How to complete this task =
Please restate the records that follow exactly, skipping their images.

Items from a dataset
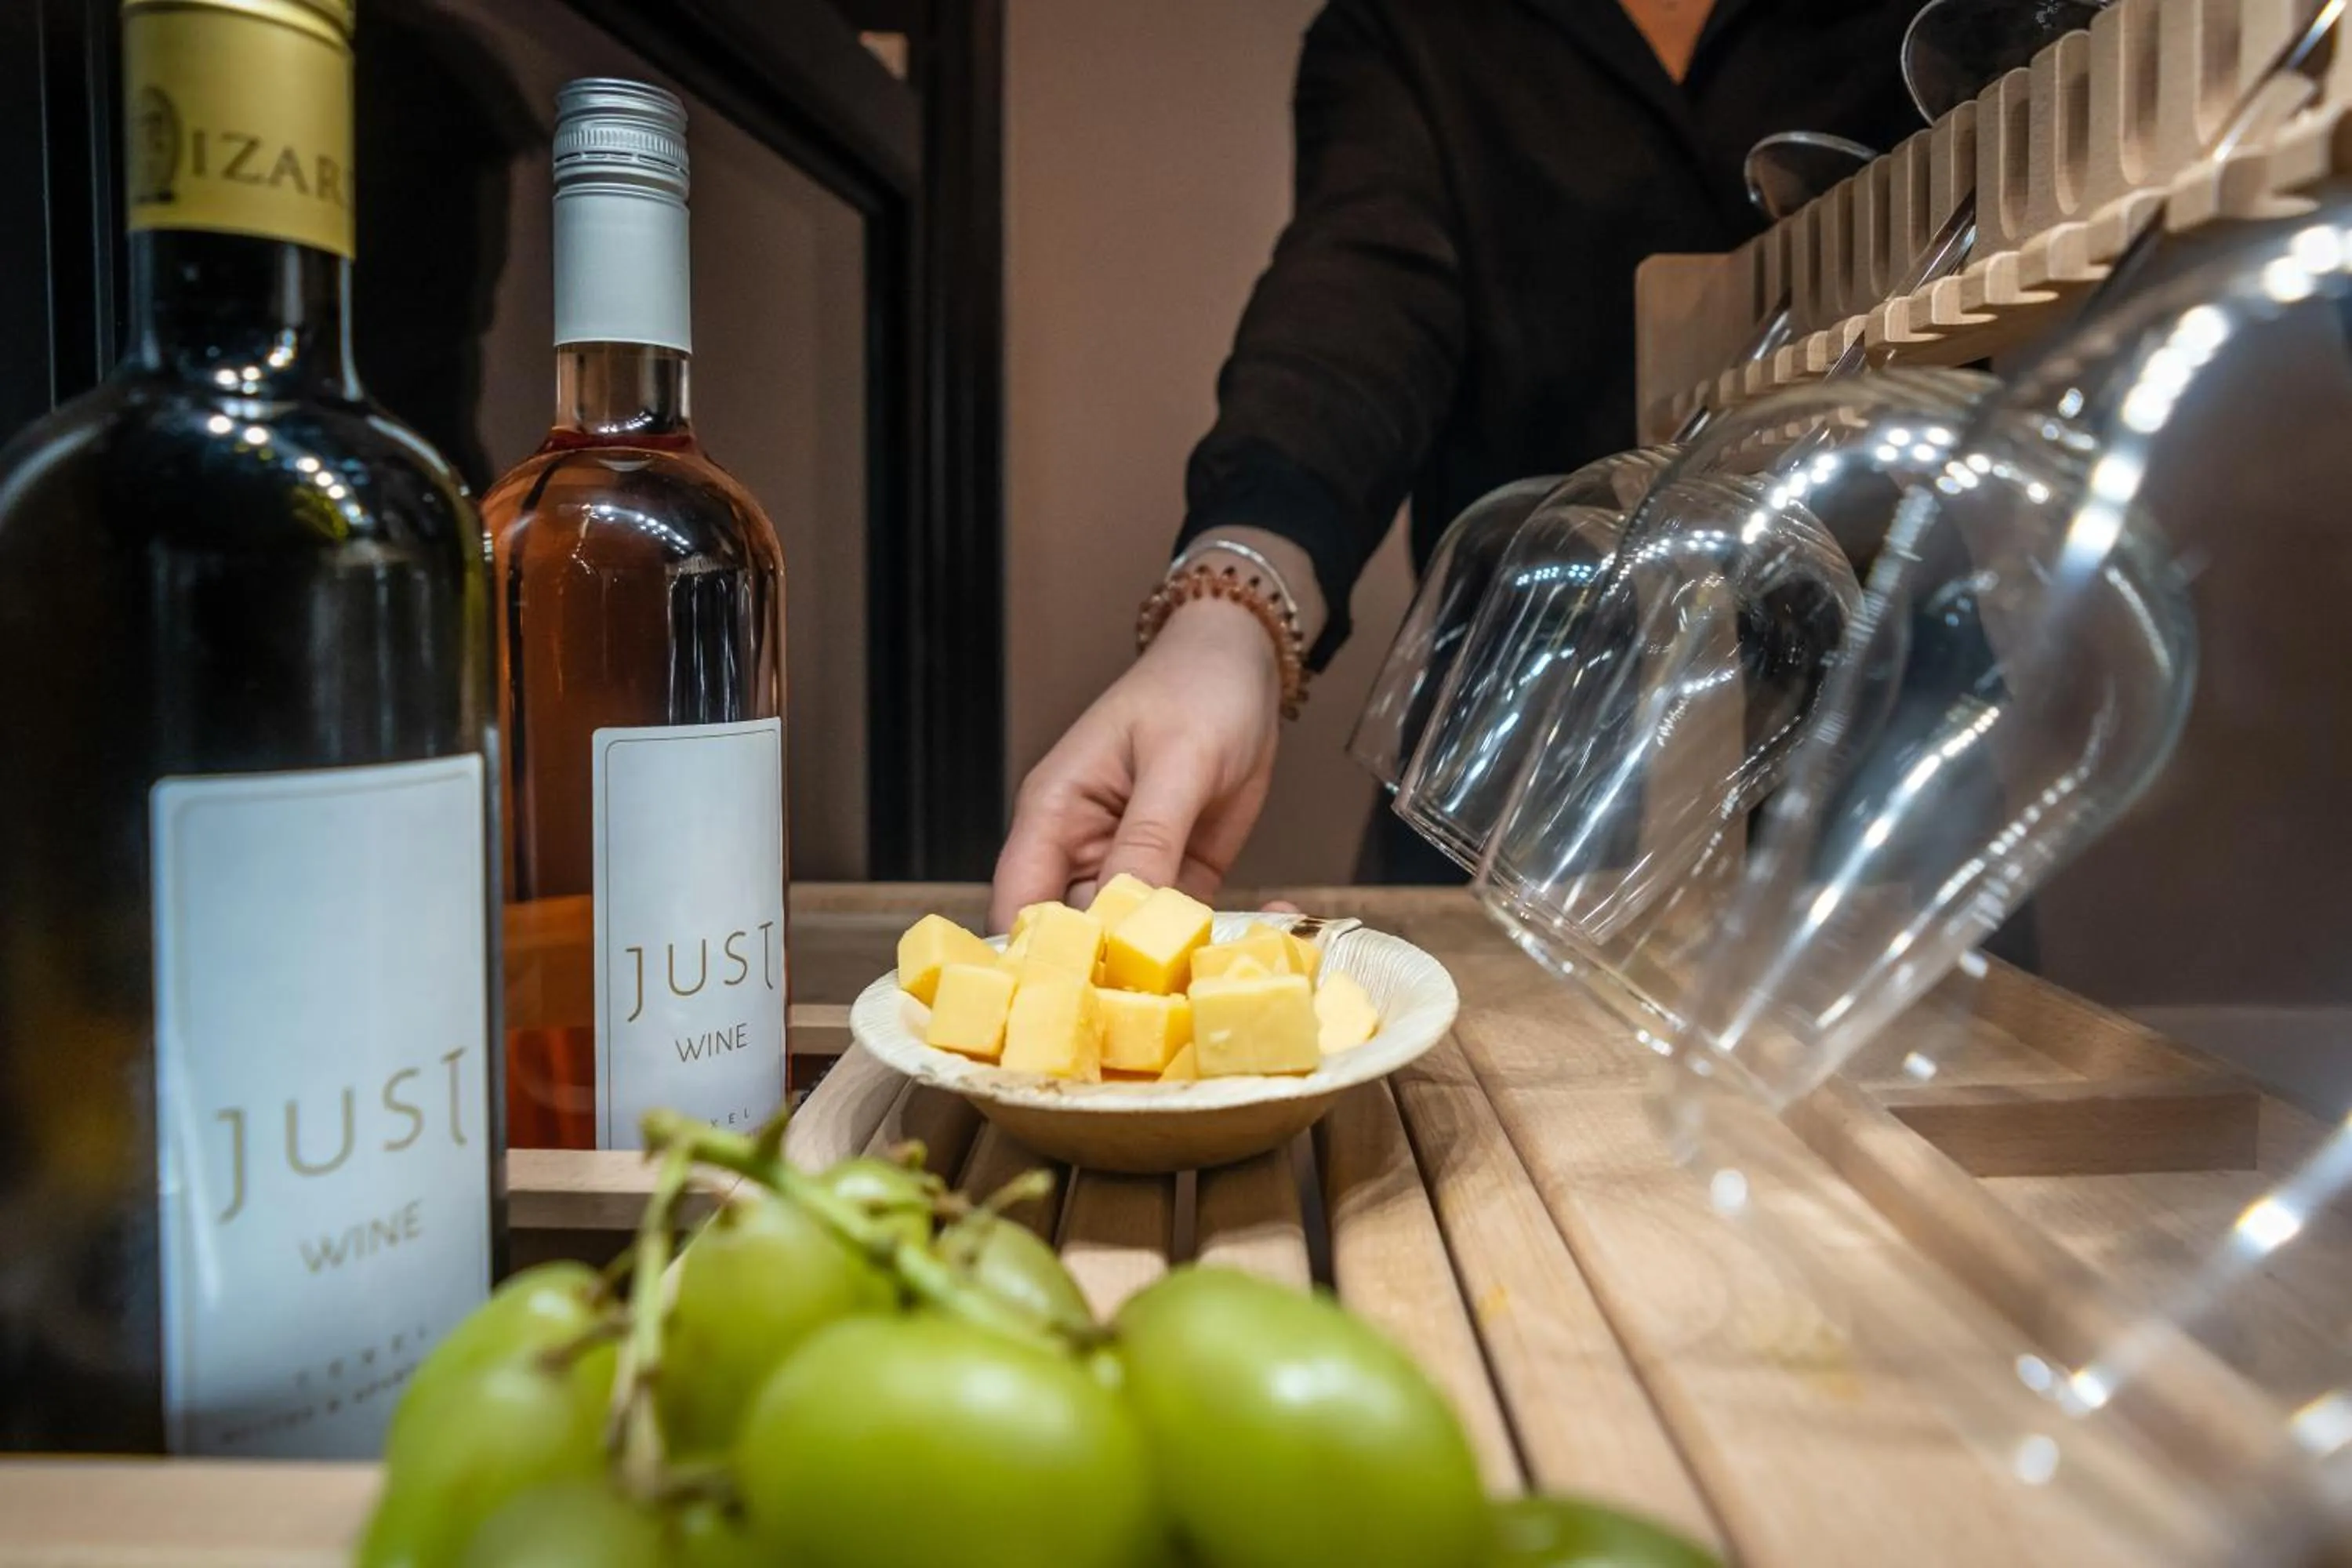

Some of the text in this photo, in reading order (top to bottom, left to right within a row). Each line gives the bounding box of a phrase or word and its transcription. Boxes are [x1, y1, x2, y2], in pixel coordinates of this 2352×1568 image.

[191, 129, 352, 209] IZAR
[625, 920, 775, 1023] JUST
[675, 1022, 749, 1062] WINE
[213, 1046, 469, 1225] JUST
[710, 1107, 751, 1128] XEL
[298, 1197, 424, 1274] WINE

Written answer =
Some of the text in this photo, in reading order (top to bottom, left to right within a row). Each line gives the bounding box of a phrase or word and its transcription. Boxes are [x1, y1, x2, y2], in pixel coordinates of this 2352×1568 image.

[191, 129, 352, 209] IZAR
[625, 920, 775, 1023] JUST
[675, 1022, 749, 1062] WINE
[213, 1046, 469, 1225] JUST
[710, 1107, 751, 1128] XEL
[298, 1197, 424, 1274] WINE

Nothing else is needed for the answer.